Dataset items:
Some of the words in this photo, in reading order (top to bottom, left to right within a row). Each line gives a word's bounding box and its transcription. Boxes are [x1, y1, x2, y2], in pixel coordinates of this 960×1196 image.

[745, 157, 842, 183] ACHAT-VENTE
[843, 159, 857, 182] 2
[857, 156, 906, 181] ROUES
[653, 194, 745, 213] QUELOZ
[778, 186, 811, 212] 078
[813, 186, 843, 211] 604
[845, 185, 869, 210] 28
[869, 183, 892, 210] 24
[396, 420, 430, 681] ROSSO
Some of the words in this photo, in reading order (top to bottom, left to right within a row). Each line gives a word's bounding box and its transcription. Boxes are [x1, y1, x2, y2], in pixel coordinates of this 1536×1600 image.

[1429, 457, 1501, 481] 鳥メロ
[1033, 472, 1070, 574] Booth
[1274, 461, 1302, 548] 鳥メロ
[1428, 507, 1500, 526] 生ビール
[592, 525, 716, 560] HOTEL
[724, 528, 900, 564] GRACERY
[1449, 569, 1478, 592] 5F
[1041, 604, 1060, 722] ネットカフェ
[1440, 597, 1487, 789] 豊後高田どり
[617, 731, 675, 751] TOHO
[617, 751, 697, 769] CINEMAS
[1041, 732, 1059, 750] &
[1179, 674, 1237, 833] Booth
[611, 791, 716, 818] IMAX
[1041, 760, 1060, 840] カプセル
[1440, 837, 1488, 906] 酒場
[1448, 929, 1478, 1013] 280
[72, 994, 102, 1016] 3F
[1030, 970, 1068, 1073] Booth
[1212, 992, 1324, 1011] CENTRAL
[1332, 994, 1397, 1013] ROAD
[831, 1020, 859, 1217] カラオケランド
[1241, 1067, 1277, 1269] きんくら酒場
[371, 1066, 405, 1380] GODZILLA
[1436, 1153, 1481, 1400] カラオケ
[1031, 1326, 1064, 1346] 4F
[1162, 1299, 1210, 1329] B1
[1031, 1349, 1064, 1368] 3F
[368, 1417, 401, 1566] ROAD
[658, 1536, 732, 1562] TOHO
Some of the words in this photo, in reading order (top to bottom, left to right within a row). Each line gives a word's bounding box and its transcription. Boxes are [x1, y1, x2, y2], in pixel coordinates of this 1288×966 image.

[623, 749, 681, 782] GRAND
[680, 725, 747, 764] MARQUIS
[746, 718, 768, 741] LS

_What you will do:_
The required answer is every line of the data, duplicated exactly.

_Response area:_
Some of the words in this photo, in reading order (top to bottom, left to right within a row). Each line gives a word's bounding box and its transcription. Boxes are [x1, y1, x2, y2], in pixel coordinates of this 960×1196 image.

[745, 157, 842, 183] ACHAT-VENTE
[843, 159, 857, 182] 2
[857, 156, 906, 181] ROUES
[653, 194, 745, 213] QUELOZ
[778, 186, 811, 212] 078
[813, 186, 843, 211] 604
[845, 185, 869, 210] 28
[869, 183, 892, 210] 24
[396, 420, 430, 681] ROSSO
Some of the words in this photo, in reading order (top to bottom, left to right within a row). Each line gives a word's bounding box and its transcription. Boxes are [x1, y1, x2, y2], in pixel coordinates of this 1536×1600 image.

[1429, 457, 1501, 481] 鳥メロ
[1033, 472, 1070, 574] Booth
[1274, 461, 1302, 548] 鳥メロ
[1428, 507, 1500, 526] 生ビール
[592, 525, 716, 560] HOTEL
[724, 528, 900, 564] GRACERY
[1449, 569, 1478, 592] 5F
[1041, 604, 1060, 722] ネットカフェ
[1440, 597, 1487, 789] 豊後高田どり
[617, 731, 675, 751] TOHO
[617, 751, 697, 769] CINEMAS
[1041, 732, 1059, 750] &
[1179, 674, 1237, 833] Booth
[611, 791, 716, 818] IMAX
[1041, 760, 1060, 840] カプセル
[1440, 837, 1488, 906] 酒場
[1448, 929, 1478, 1013] 280
[72, 994, 102, 1016] 3F
[1030, 970, 1068, 1073] Booth
[1212, 992, 1324, 1011] CENTRAL
[1332, 994, 1397, 1013] ROAD
[831, 1020, 859, 1217] カラオケランド
[1241, 1067, 1277, 1269] きんくら酒場
[371, 1066, 405, 1380] GODZILLA
[1436, 1153, 1481, 1400] カラオケ
[1031, 1326, 1064, 1346] 4F
[1162, 1299, 1210, 1329] B1
[1031, 1349, 1064, 1368] 3F
[368, 1417, 401, 1566] ROAD
[658, 1536, 732, 1562] TOHO
Some of the words in this photo, in reading order (top to bottom, left to right within a row). Each line gives a word's bounding box and its transcription. Boxes are [x1, y1, x2, y2], in pixel coordinates of this 1288×966 image.

[623, 749, 681, 782] GRAND
[680, 725, 747, 764] MARQUIS
[746, 718, 768, 741] LS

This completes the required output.